RT-PCR - PCR conditions optimization (Jul/22/2009 )

Hi all,

Iam stuchup with one basic problem
I could succesfully amplify my gene of intrest using gene specific primers from genomic DNA but unable to do it with Ist strand cDNA template.
what parameters do I need to optimize for PCR amplification.
I have used same conditions for PCR ampliofication for both genomic DNA and cDNA amplification.

Appreciate ur suggestions

novagen on Jul 22 2009, 09:23 AM said:

Can you use more RNA template in you cDNA reactions? I have a colleague that is trying to measure expression of some genes, but they're apparently expressed in low amounts, because he had a hard time getting Ct values lower than 30. He ended up adding a lot more RNA to his cDNA reactions and was able to get his Ct values into the 20s.

Is (could) the gene you're trying to measure (be) inducible?

Also, what primer are you using for your cDNA synthesis reaction, gene specific? Hexamers? Oligo dT?

Prokaryotic or eukaryotic?

Hi

The gene I am trying is an inducible gene from a plant.
only after induction, I have isolated RNA and used sufficient template for the rxn
what else do I do.
The gene iam trying to isolate has got many introns
Do I need to change annealing temp for PCR amplification

ThanX

novagen on Jul 22 2009, 10:27 AM said:

Are you running any positive controls with a constitutively expressed gene to ensure the first strand synthesis is working? Like B-actin or rRNA?

Hi fishdoc,

I always run actin first and only then go for specific gene

Thanx a lot for the reply

novagen on Jul 22 2009, 11:31 AM said:

So, are you saying that your actin controls are all positive, but you inducible gene is negative from the same sample?

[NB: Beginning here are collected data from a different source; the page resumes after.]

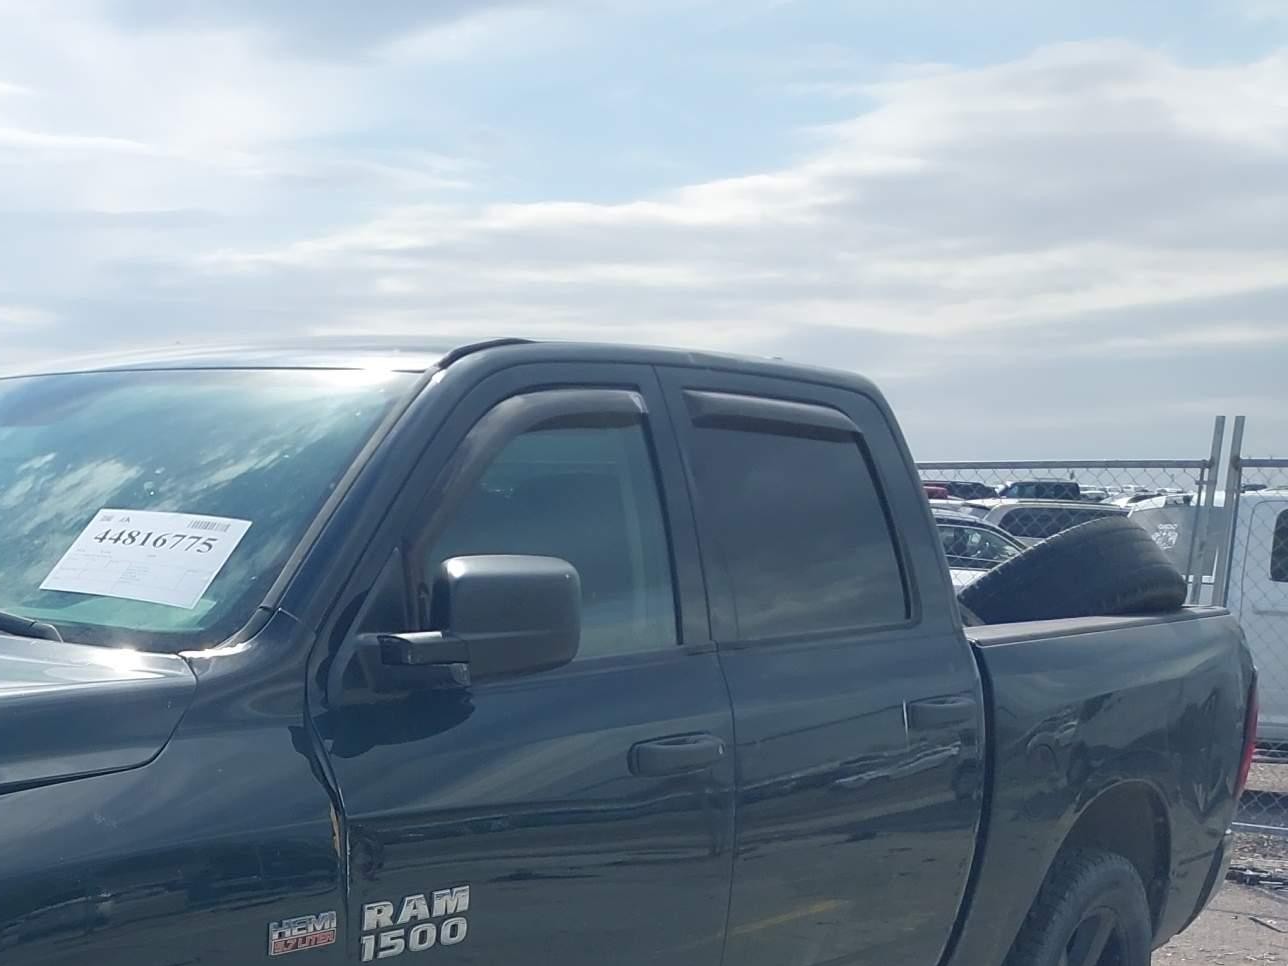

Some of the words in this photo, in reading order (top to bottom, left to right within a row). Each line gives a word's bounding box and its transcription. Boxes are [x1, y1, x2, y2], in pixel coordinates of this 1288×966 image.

[93, 527, 218, 554] 44816775
[362, 885, 470, 931] RAM
[269, 911, 337, 940] HEMI
[297, 930, 334, 949] LITER
[360, 916, 468, 962] 1500
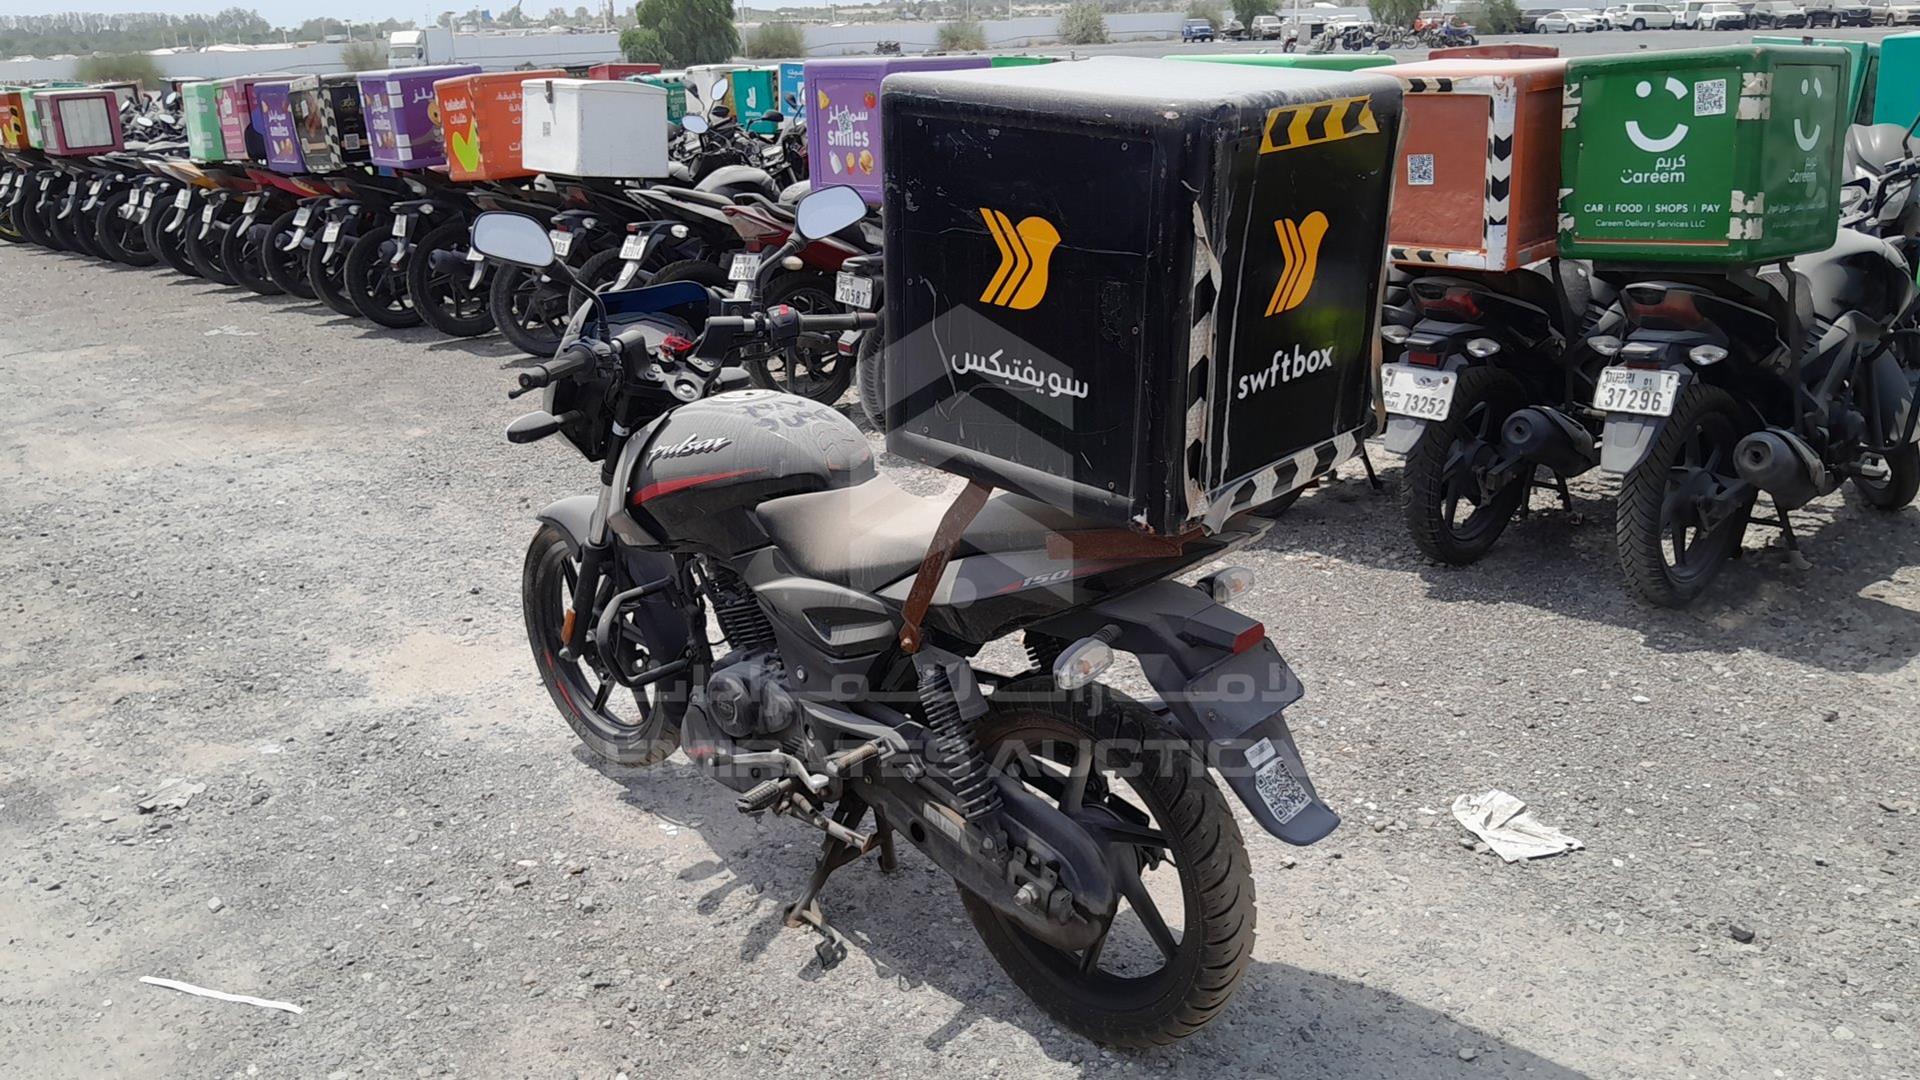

If that's the case, my first instinct is that either the primers for the cDNA synthesis are not amplifying your transcript if you're using gene specific primers. With oligo dT or hexamers, that shouldn't be a problem. The second thing would be that expression is too low to detect, even though you say you've induced it. How much RNA are you adding to your cDNA synthesis reaction? Have you tried adding more to see if you get a better signal?

Hi fishdoc,

thanx for the reply
could be the expression level is low.
but once I got the cDNA amplicon lower than 250bp which I am supposed to get at 1.4kb.what could that be?

Thank you

novagen on Jul 22 2009, 09:50 PM said:

I'm sorry, but I don't follow what you're saying there. I've always tried to keep my RT-PCR amplicons pretty small, preferably below 500 bp, but usually 100-250 bp. Not sure if your amplicon size is a problem or not, but if 1.4 kb is what you're expecting to get, that may be the reason for the low yield.

Hi fishdoc,

Today i tried to optimize the pcr conditions for RT-PCR (which I previously told about 250bp band)
I have decresed the annealing temp and increased the amount of template(Ist strand cDNA)
I could see 2bands i.e 250bp and 400bp along with primer dimers.but my doubt is do we get nonspecific amplification in RT-PCR

thanX

novagen on Jul 23 2009, 09:45 AM said:

That depends on what your primers were for cDNA synthesis. If you used oligo dT or hexamers, there's a good possibility of non-specific amplification. If you used a gene specific primer for cDNA synthesis, there's much less chance of non-specific amplification. If you're concerned about the product, you could purify it and sequence to confirm.